Ascending Har HaBayit was not an impetuous act on my part. I thought long and hard about. I spent time delving into the halakhic and the archaeological details. I undertook a lot of soul-searching as to whether it was the right thing to do. Once I was convinced of the latter, I had to decide whether it was the appropriate thing for me to do. Nevertheless, I finally decided that not only is it permitted to go, I was obliged to go. First, ascending the Mount offers the possibility of observing mitzvot that would be otherwise unobtainable. [Here I must give credit to the role played in my decision by the wonderful and inspiring discussions contained in the collection Qumu ve-Na’aleh by my friend and former student, Rav Yehudah Shaviv.]

Second, the Arabs constantly work (with success) to destroy any traces of the Bet Ha-Miqdash and to deny that it was even there. The Muslims have succeeded in this to such a degree that when the Temple Mount is mentioned in the media, it is often cited first as ‘Haram a Sharif’ (the “Noble Sanctuary,’ though only when others are interested in it) and only then as ‘the place that Jews claim was the site of King Solomon’s Temple’ Hence, Jews absolutely Jews MUST go up to the mountain to assert our inalienable rights to place where, according to our Rabbis, Heaven and Earth meet. This is especially so on Yom Yerushalayim, for Jerusalem is an extension of the Temple itself.

For me, personally, there was another, perhaps greater consideration. In remarks he once made upon completing a chapter of the Talmud,my teacher Rav Soloveitchik zt”l (who I am fully aware would most likely not have supported my decision) commented that by nature, a Jew craves Holiness. That is why we mark the completion of a tractate of the Talmud by saying ‘Hadran Alakh’ (“We will return to you’). We feel the strong need to return to sources of Sanctity. And so, I feel drawn, inexorably, to the fountain of sanctity that lies at the center of Har HaBayit, at the center of the world, at the veritable Gates of Heaven. Just as I felt when I decided to come on Aliyah that I could not imagine living my life outside of Eretz Yisrael, so too I could not countenance the fact that I had the chance of coming closer to the Shekhina and I did not seize the opportunity.

The experience itself was a radical mix of emotions, starting with the preparations and anticipation. Going to miqveh is something all religious men do at least once a year. However, this was a different type of tevila. I had never had to think about all of the niceties involved in really purifying myself (something men should consider, instead of taking their wives’ for granted). I had never had to consider saying a blessing on tevila On the way to Jerusalem, I tried to prepare myself spiritually and emotionally. As it happened, Providence intervened and I had an hour to wait before going up. I spent that hour at the Kotel, which (oddly enough) now became an antechamber to the real thing, reciting Psalms and thinking of all the people for whom I wanted to pray and of all of the things for which I am thankful.

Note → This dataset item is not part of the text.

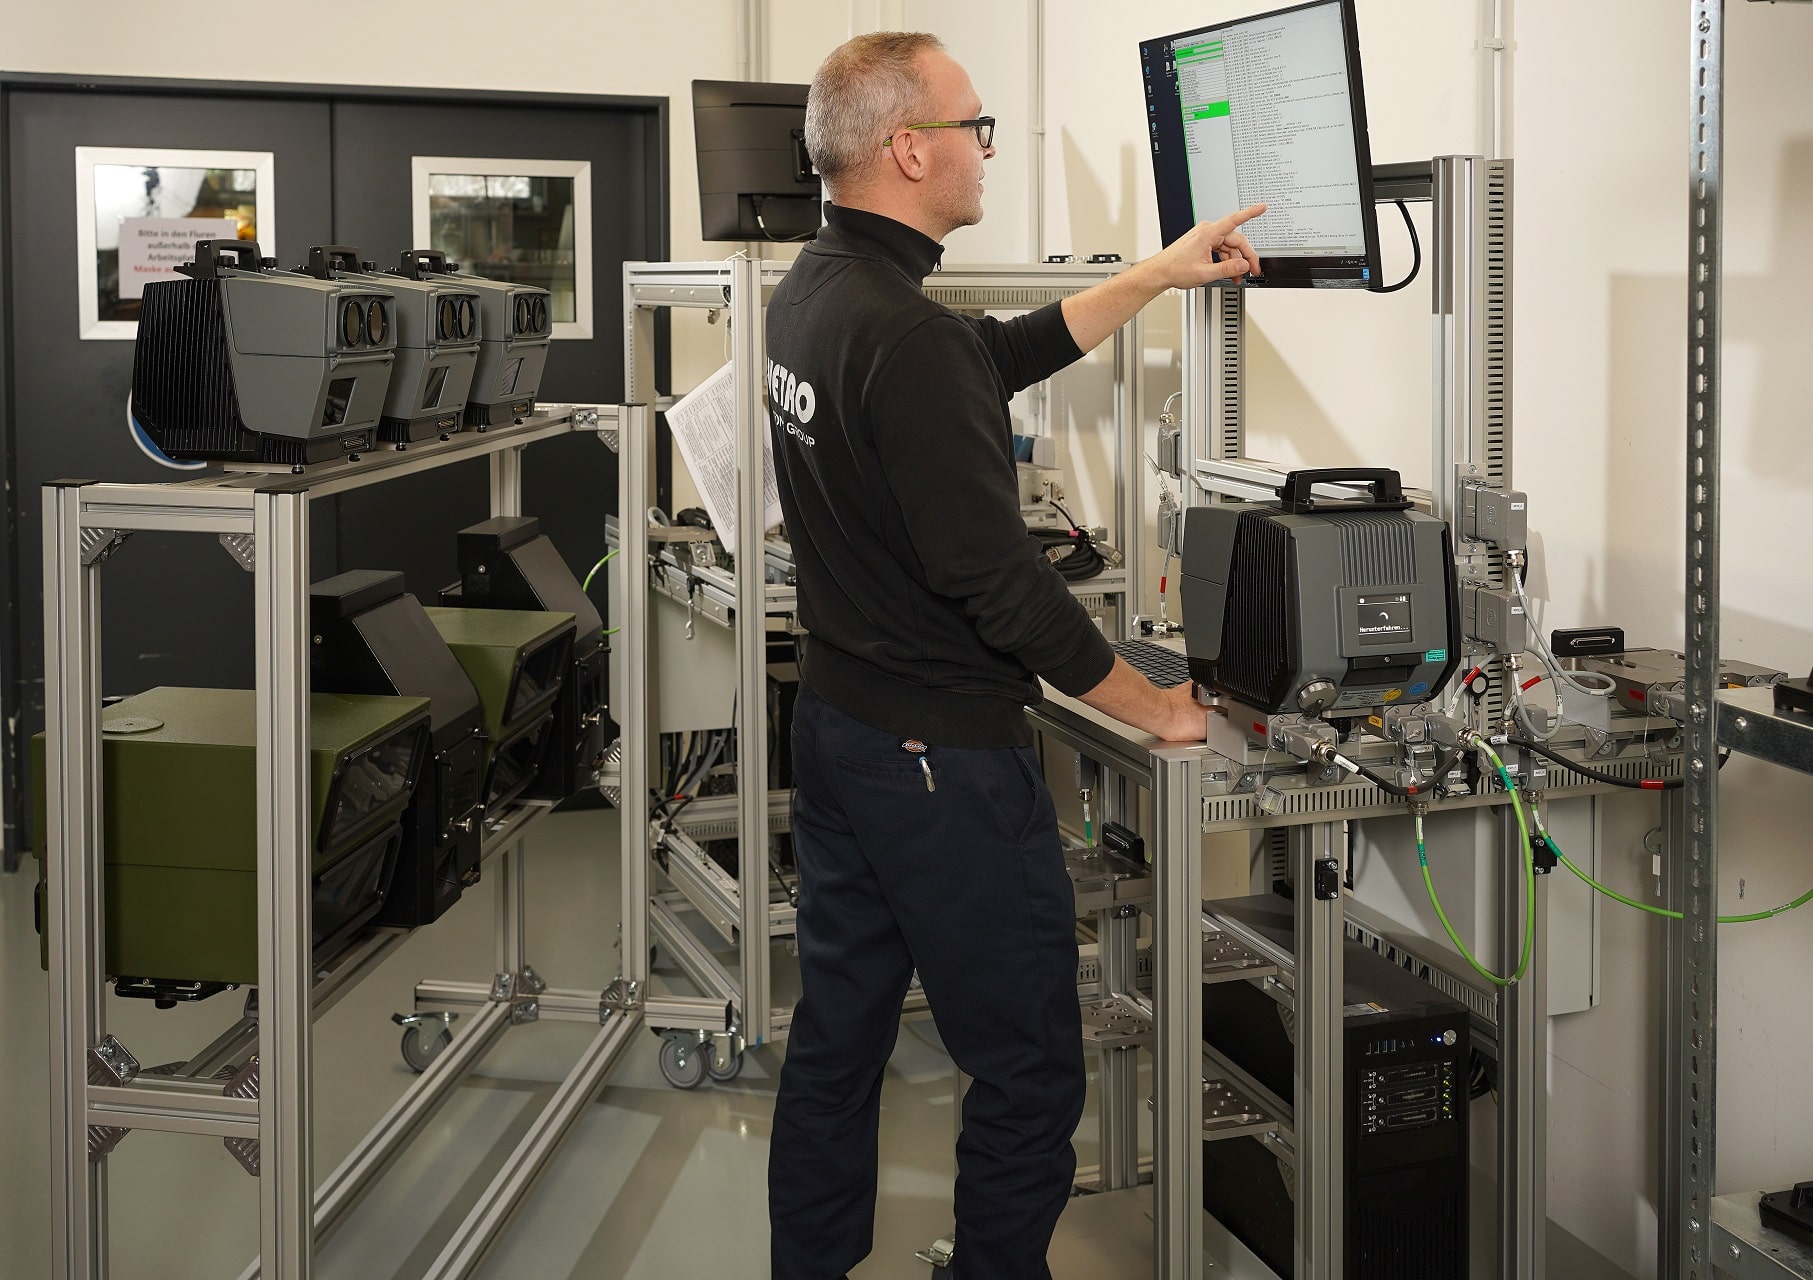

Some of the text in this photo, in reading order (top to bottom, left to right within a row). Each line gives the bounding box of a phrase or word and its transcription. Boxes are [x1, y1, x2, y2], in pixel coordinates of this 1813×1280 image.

[138, 230, 217, 239] Bitte in den Fluren
[133, 265, 161, 273] Maske
[786, 422, 816, 448] GROUP

In the end, entering felt very natural. True, I was accompanied by a policeman and a spy sent by the waqf, to make sure I didn’t pray. But I concentrated on looking at the mountain, the sight of the Temple (and its still discernible remains) and thought about Maimonides’ comment that ‘the Divine Presence is never absent’ from the Holy of Holies. I felt uplifted in an indescribable way. The waves of sanctity that pulsate out from there are almost physically tangible. When I reached the area behind the Dome of the Rock, the site of the real Kotel Ma’aravi, that of the Holy of Holies, my eyes welled up. Even had I been allowed to pray, I would not have been able. Some moments are too sublime for words.

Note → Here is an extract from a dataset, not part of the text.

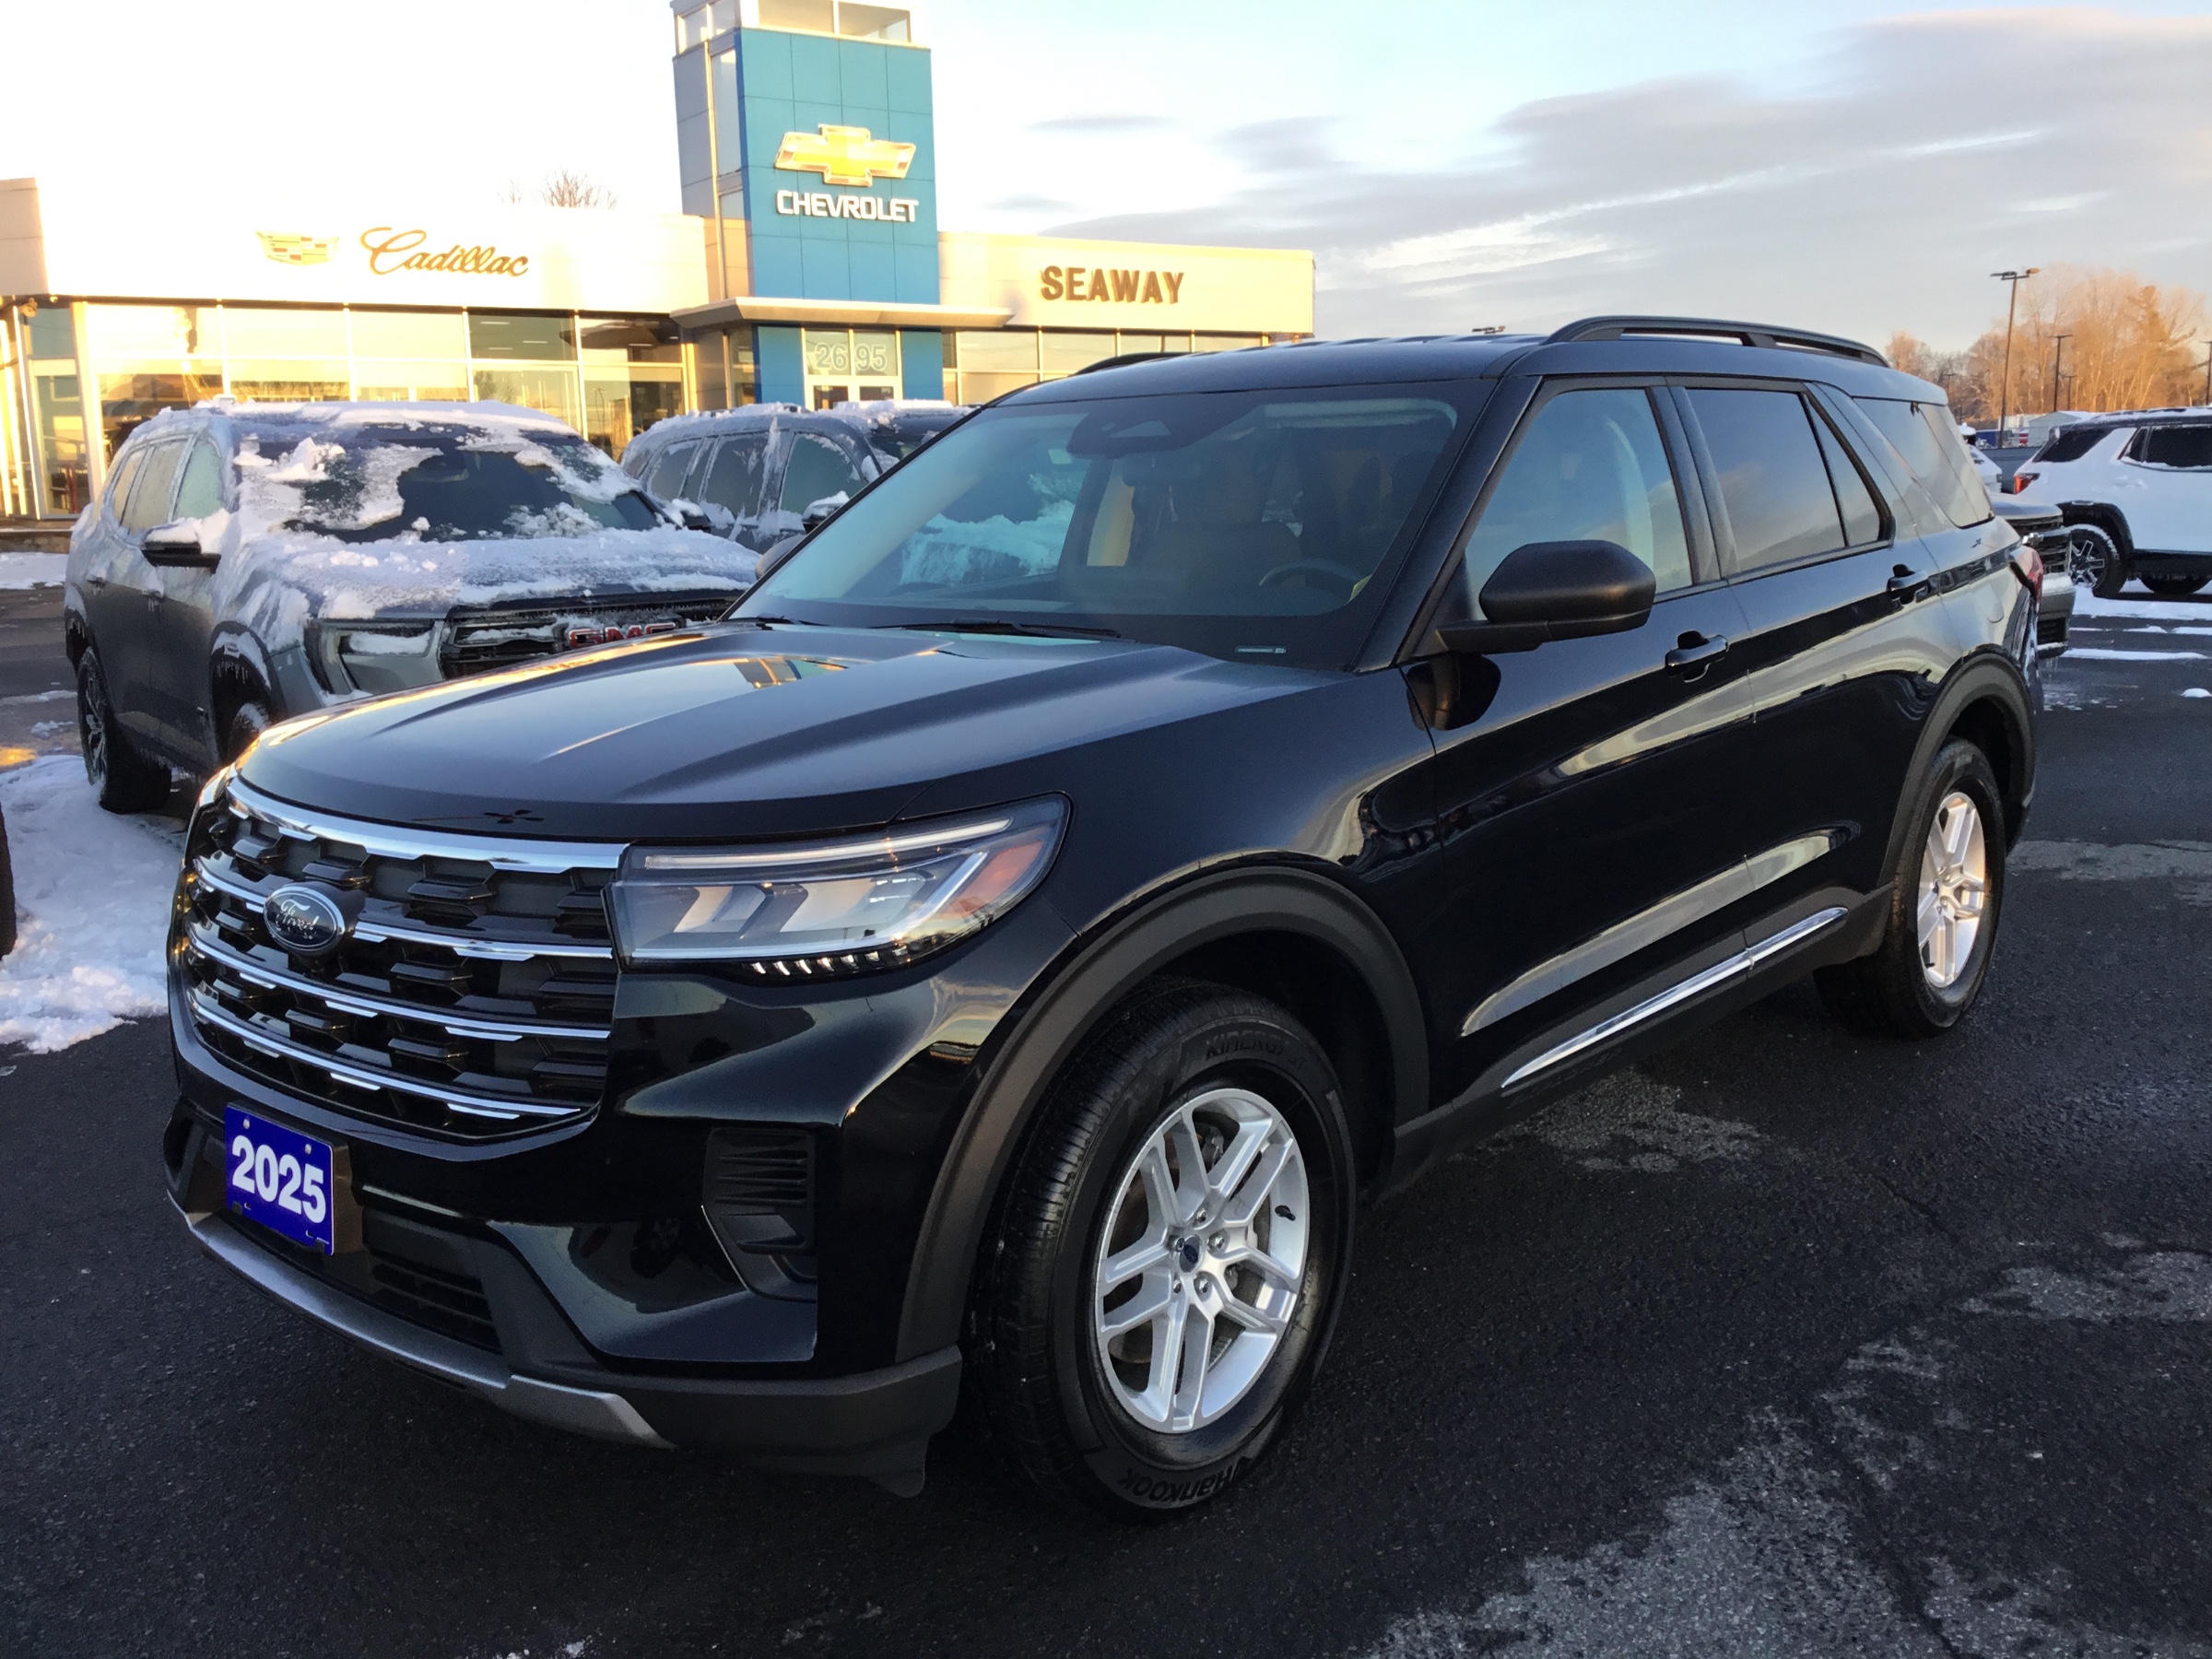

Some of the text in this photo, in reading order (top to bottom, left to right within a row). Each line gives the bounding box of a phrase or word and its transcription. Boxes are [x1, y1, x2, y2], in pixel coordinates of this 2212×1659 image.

[776, 189, 920, 223] CHEVROLET
[360, 227, 529, 276] Cadillac
[1041, 265, 1185, 304] SEAWAY
[232, 1135, 326, 1224] 2025

At the same time, I was burdened by Galut. It is nothing less than obscene that Jews are not allowed to pray in our most important of places. Muslim claims that Judaism is a washed out, invalidated faith inherited by Islam were embodied not only by the waqf spy. Women near Al-Aqsa (which, ironically, is not technically on the Temple Mount), screaming at “Allahu A-Kbar,’ at me as I silently walked.The destruction wrought by the waqf was everywhere to be seen.

And yet, as my all too brief visit ended, all of that paled. I walked out backwards, bowed, and exited through the Chain Gate that leads to the Kotel. As I left, I felt as if I was fighting against gravity, against the force of sanctity that pulled me back in.

‘Hadran Alakh’ (“We must return to you’).